Vous faites du racisme social ! Vous vous déshonorez !

M. Jean-Pierre Brard.

J'en venais donc au MEDEF, qui a tenté d'exploiter cette situation avec le PARE, déjà évoqué aujourd'hui dans cette enceinte.

La gauche, attachée à la justice sociale, à la solidarité nationale, en un mot aux valeurs républicaines, monsieur de Courson, ne peut évidemment pas accepter que perdure cette situation qui fait des ravages chroniques dans nos communes.

Ce constat est commun à toutes les sensibilités de la majorité plurielle. Un groupe de cinq députés, auquel je participe et qui comprend Eric Besson, Marie-Hélène Aubert, Michel Suchod et Chantal Robin-Rodrigo, a réfléchi à un dispositif de retour au travail pour tous ceux qui se trouvent durablement privés de l'accès à l'emploi.

Il faut d'ailleurs souligner que cette démarche d'affirmation et de mise en oeuvre concrète du droit au travail suscite un réel intérêt parmi nombre de nos collègues - nous étions une trentaine, la semaine dernière, issus de tous les groupes de la majorité plurielle - mais aussi au sein des associations de lutte contre l'exclusion, regroupées dans le collectif ALERTE, comme le mentionne le premier bilan associatif de la loi d'orientation relative à la lutte contre les exclusions.

Une fraction des excédents de rentrées fiscales que nous connaissons actuellement ainsi qu'une partie des crédits destinés à la formation professionnelle et à l'insertion des RMIstes peuvent être mobilisés pour financer ce projet, qui nous paraît avoir vocation à connaître rapidement une phase expérimentale dans au moins une dizaine de sites. Il faut expérimenter et, à cet effet, sélectionner des lieux en fonction de l'engagement des élus dans le pilotage de ces actions et dans le contrôle de leur efficacité. Dans les villes où les élus seront volontaires, en coopération avec l'ANPE, l'AFPA et tous les partenaires jugés utiles, il faut fédérer les énergies dans un dispositif souple défini avec le Gouvernement.

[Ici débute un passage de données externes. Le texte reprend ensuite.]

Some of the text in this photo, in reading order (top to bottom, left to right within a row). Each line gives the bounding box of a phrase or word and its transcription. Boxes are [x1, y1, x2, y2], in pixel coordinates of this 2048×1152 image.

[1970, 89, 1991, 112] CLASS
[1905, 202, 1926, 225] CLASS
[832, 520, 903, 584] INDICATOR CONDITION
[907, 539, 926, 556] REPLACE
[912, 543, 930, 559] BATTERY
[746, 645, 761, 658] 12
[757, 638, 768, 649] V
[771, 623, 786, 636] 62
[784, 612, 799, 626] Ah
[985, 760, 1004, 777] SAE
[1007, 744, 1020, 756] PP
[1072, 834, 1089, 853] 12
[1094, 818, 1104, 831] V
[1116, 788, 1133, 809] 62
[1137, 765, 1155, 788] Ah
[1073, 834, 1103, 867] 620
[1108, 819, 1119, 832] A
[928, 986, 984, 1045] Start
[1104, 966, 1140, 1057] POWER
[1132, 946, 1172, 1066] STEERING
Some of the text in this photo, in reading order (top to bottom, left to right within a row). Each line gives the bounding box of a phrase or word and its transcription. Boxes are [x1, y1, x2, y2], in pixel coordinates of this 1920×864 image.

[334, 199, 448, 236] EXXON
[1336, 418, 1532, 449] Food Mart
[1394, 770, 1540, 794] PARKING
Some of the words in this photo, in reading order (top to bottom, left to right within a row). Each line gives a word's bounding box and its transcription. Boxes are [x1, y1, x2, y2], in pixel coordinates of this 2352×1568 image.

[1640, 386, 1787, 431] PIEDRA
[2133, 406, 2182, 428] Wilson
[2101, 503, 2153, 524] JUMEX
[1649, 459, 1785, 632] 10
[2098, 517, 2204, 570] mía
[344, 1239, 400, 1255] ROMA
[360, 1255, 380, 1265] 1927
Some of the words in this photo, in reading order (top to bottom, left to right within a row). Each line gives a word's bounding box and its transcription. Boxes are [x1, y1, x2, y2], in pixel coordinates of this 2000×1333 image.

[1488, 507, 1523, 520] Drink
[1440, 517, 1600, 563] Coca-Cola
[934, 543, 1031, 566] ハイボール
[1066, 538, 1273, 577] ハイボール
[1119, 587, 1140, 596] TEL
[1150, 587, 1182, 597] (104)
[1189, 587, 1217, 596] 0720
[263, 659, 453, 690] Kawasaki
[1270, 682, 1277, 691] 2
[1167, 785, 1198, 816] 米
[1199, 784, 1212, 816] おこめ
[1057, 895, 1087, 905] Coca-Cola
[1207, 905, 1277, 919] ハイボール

Dans le cadre de ce que l'on pourrait appeler un

« contrat de retour au travail », tout chômeur volontaire bénéficierait d'un emploi occupé par exemple quatre jours sur cinq, le cinquième étant consacré à la formation, à la recherche d'un autre emploi ou au montage d'un projet professionnel. Il serait rémunéré à hauteur de quatre cinquièmes du SMIC. Il bénéficierait, en outre, d'un conseil et d'un accompagnement personnalisés pouvant revêtir la forme d'un parrainage non seulement par des professionnels, qui restent indispensables, mais aussi par des citoyens qui ont une idée des valeurs devant structurer notre société.

Les personnes morales de droit public et les associations auraient vocation à accueillir ce public sur des emplois socialement utiles.

Parallèlement, la loi créerait une obligation d'insérer pour les entreprises. En fonction de sa taille, l'entreprise se verrait conduite à accueillir en son sein une ou plusieurs personnes dites « prioritaires », choisies parmi des personnes éloignées de l'emploi.

Voilà donc un projet novateur et mobilisateur, porteur d'espoir pour ceux qui en ont le plus besoin, et par là, monsieur le secrétaire d'Etat, facteur de cohésion sociale.

Porteur d'espoir et cohérent avec la politique menée depuis trois ans qui a vu la création des emplois-jeunes, la réduction du temps de travail et la lutte contre les exclusions. Nous devons aller plus loin et ouvrir aux plus démunis les portes de l'emploi. De ce point de vue, la première partie du projet de loi de finances aurait pu être le vecteur de nouveaux dispositifs. Or, à l'exception de la mesure annoncée concernant la CSG qui se trouve dans le projet de loi de financement de la sécurité sociale, l'outil fiscal n'est que peu mobilisé en faveur de l'emploi.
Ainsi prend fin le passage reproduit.